Se non altro stavolta l’azione è messa in scena con decenza.
Dopo il disastro senza appello che è stato Escape Plan 2, ora il terzo film della serie, direttamente collegato al secondo e anni luce dal primo, recupera almeno la sua natura d’azione. Di certo la confezione grida direct-to-video (o to-streaming) da ogni poro sebbene qui e in altri paesi Escape Plan 3 - L’Ultima Sfida esca al cinema. Alla regia è stato messo il regista di 15 minuti - Follia omicida a New York, il film che iniziò la deriva della carriera di Robert De Niro.
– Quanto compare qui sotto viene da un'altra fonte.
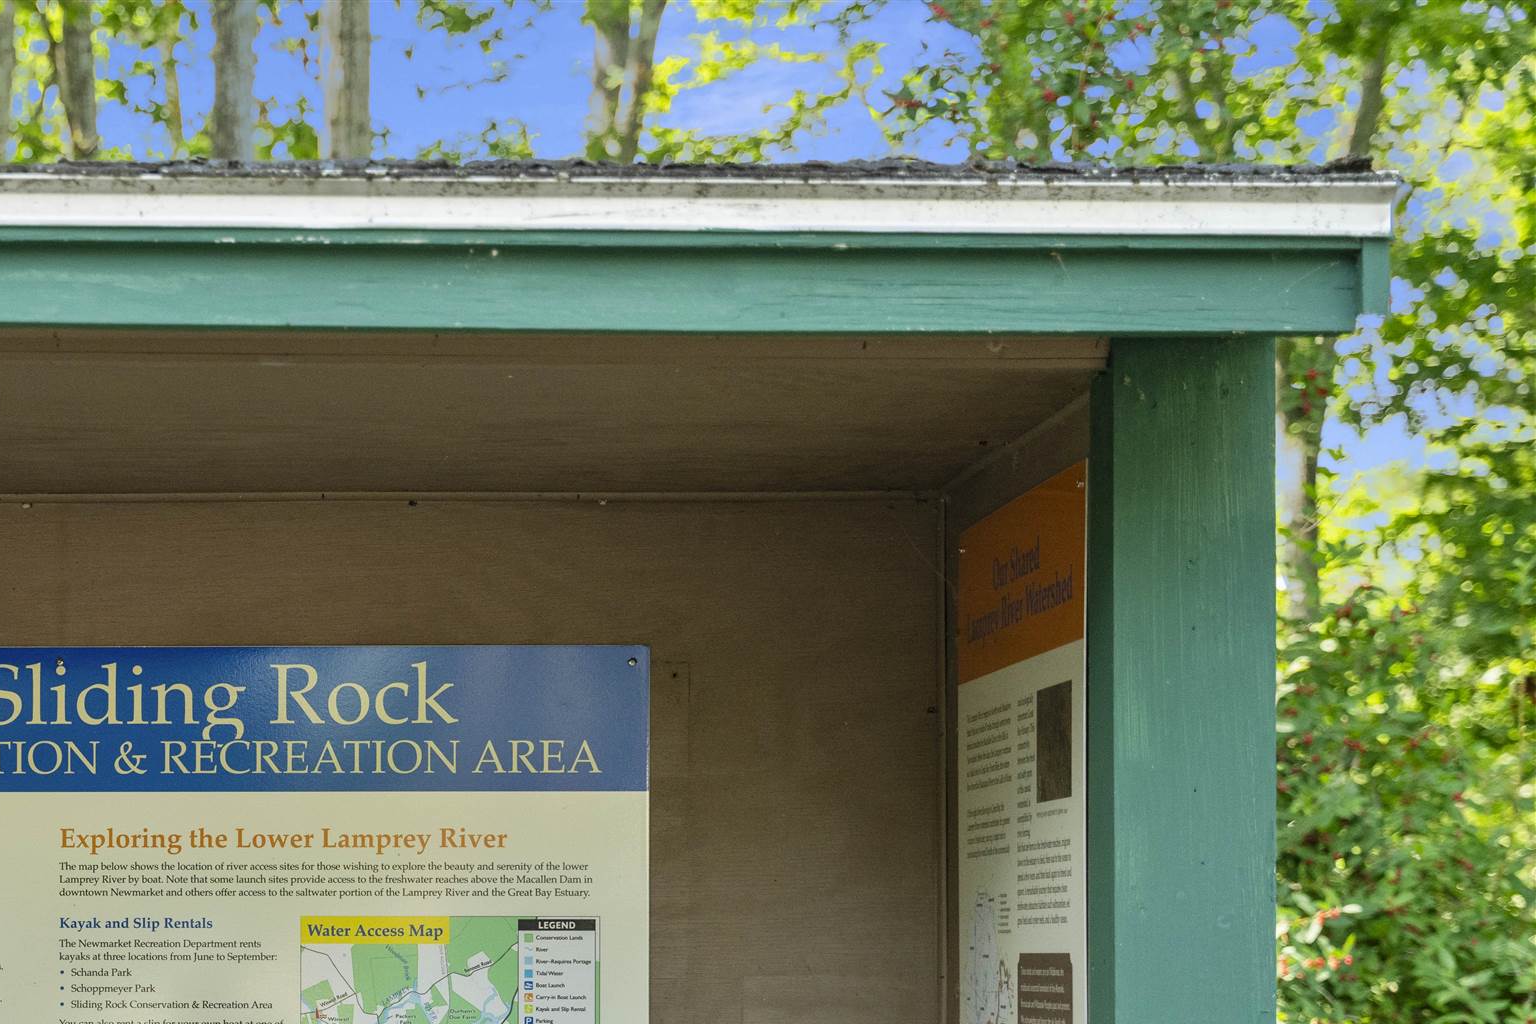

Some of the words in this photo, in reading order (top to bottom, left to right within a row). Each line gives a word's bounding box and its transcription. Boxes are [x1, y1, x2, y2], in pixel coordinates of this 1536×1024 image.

Escape Plan è la vacanza cinese di Sylvester Stallone, nel film precedente e in questo lui e Dave Bautista sono poco più che ospiti speciali e nonostante la crew e la produzione siano americani (non era così per il secondo), lo stesso c’è tutta l’aria del prodotto d’esportazione, quelli che una volta erano film-cartolina e che ora non abbisognano più di un fondale turistico ma l’intento rimane quello: cinema realizzato da un paese ad uso e consumo di altri. Escape Plan 3 - L’Ultima Sfida non ha nemmeno più un’evasione al centro ma, come dice il titolo originale, un’estrazione: due donne vanno recuperate dal solito villain. Due damigelle prigioniere del drago. La convenzione più vecchia del mondo. E questa volta è una questione personale (non come le ultime due in cui lui stesso era stato messo in una galera).
Il personaggio con una colpa nel passato e bisognoso di una seconda occasione, quello tipico stalloniano, non ce l’ha lui, Stallone qui è un’altra versione del Barney Ross di I Mercenari (il capo, il mentore), semmai è Harry Shum Jr. a cercare redenzione. Meno male. Perché raramente si è visto uno Stallone così poco dedito e così poco impegnato, svegliato giusto per le scene d’azione (e non che vada meglio con Bautista). In particolare l’ultimo confronto fisico dentro una cella abbandonata (molto metaforico!) sembrano le prove della coreografia, scene dotate dell’inespressiva vacuità delle battute recitate durante la lettura del copione, quando non sono realmente interpretate.